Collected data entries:
• • •

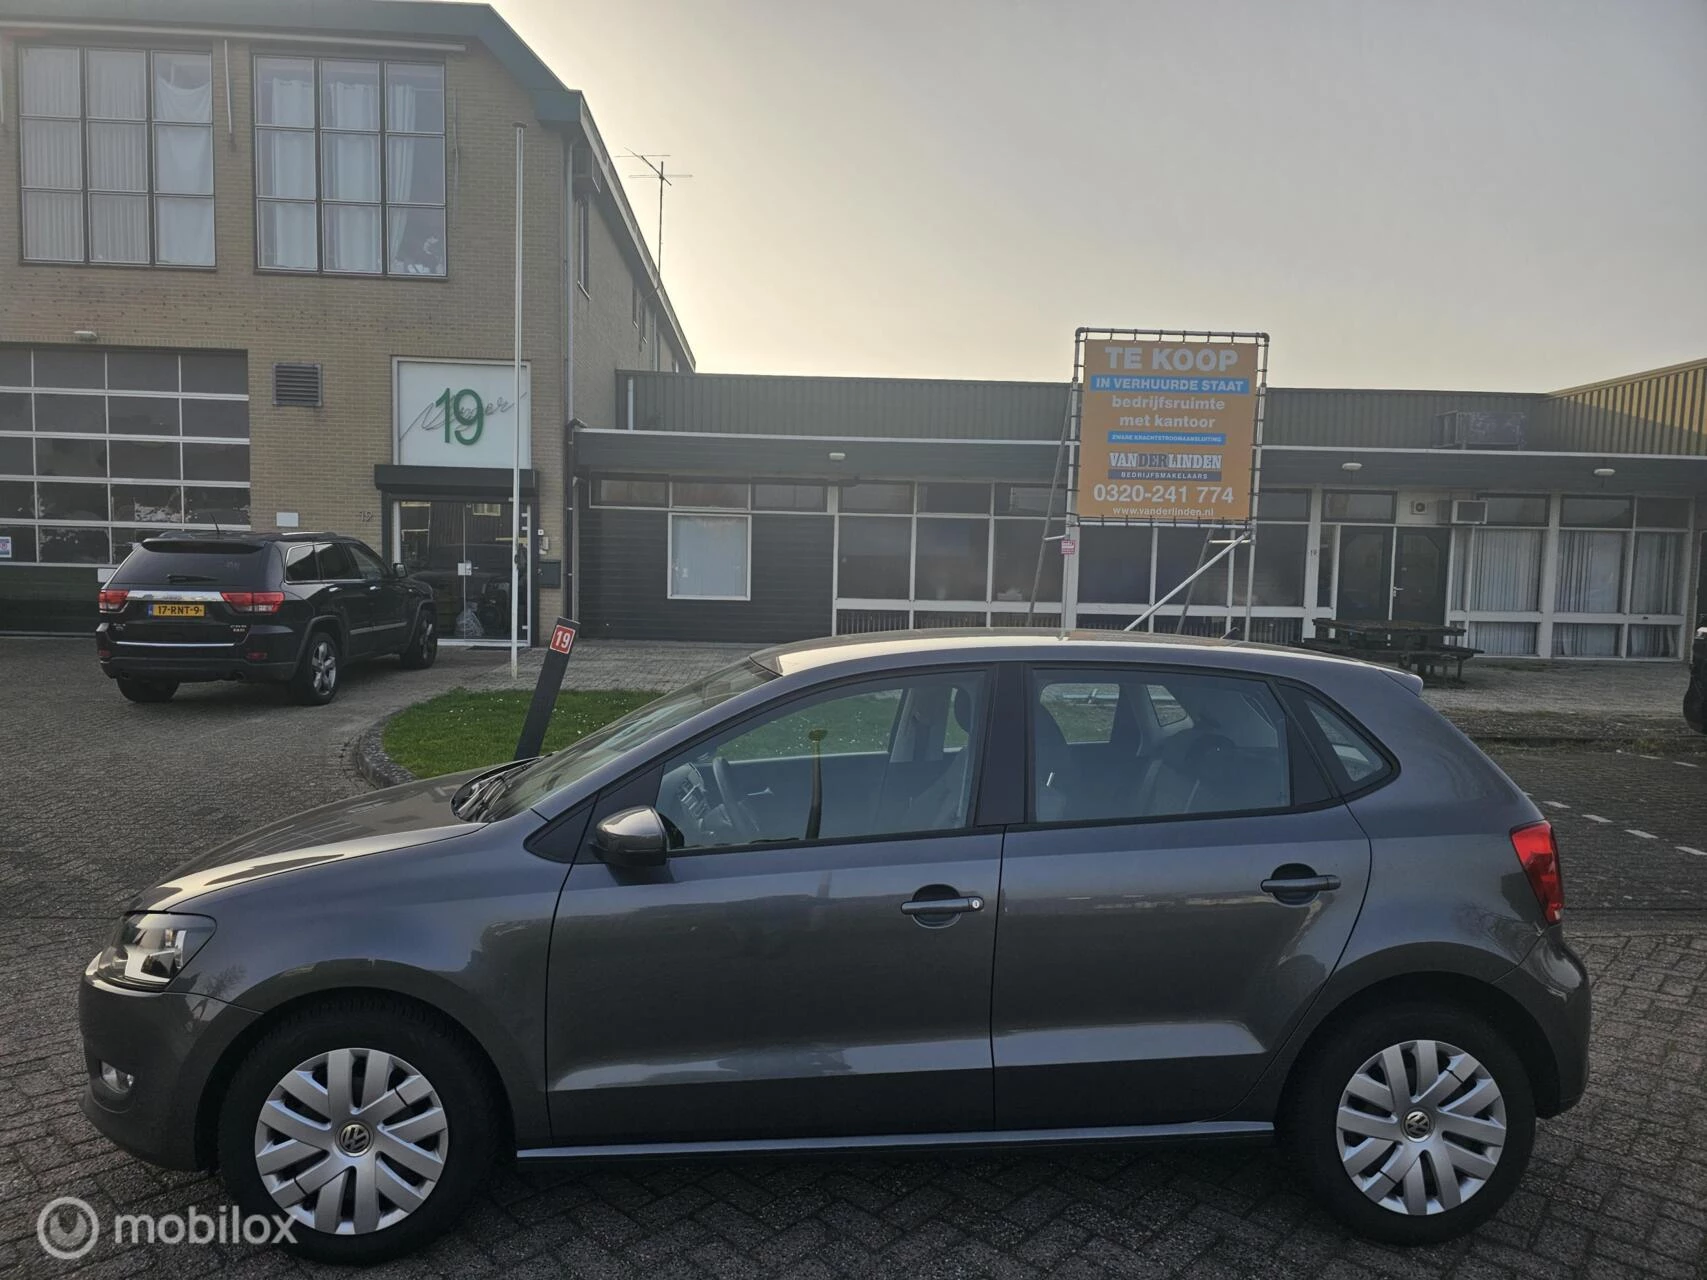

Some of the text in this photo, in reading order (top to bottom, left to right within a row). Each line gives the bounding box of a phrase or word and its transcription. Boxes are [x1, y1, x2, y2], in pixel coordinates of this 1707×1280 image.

[1104, 347, 1238, 372] TE KOOP
[1096, 376, 1243, 392] IN VERHUURDE STAAT
[1111, 395, 1225, 411] bedrijfsruimte
[435, 387, 484, 446] 19
[1119, 414, 1216, 428] met kantoor
[1121, 471, 1208, 480] BEDRIJFSMAKELAARS
[1093, 484, 1234, 504] 0320-241 774
[1112, 506, 1214, 517] www.vanderlinden.nl
[158, 604, 200, 615] 17-RNT-9
[555, 630, 571, 649] 19

• • •

- [ASSIGNMENT]
Strip out the images, then output the records above word for word.

- [OUTPUT FOR THIS EXERCISE]
Some of the text in this photo, in reading order (top to bottom, left to right within a row). Each line gives the bounding box of a phrase or word and its transcription. Boxes are [x1, y1, x2, y2], in pixel coordinates of this 1707×1280 image.

[1104, 347, 1238, 372] TE KOOP
[1096, 376, 1243, 392] IN VERHUURDE STAAT
[1111, 395, 1225, 411] bedrijfsruimte
[435, 387, 484, 446] 19
[1119, 414, 1216, 428] met kantoor
[1121, 471, 1208, 480] BEDRIJFSMAKELAARS
[1093, 484, 1234, 504] 0320-241 774
[1112, 506, 1214, 517] www.vanderlinden.nl
[158, 604, 200, 615] 17-RNT-9
[555, 630, 571, 649] 19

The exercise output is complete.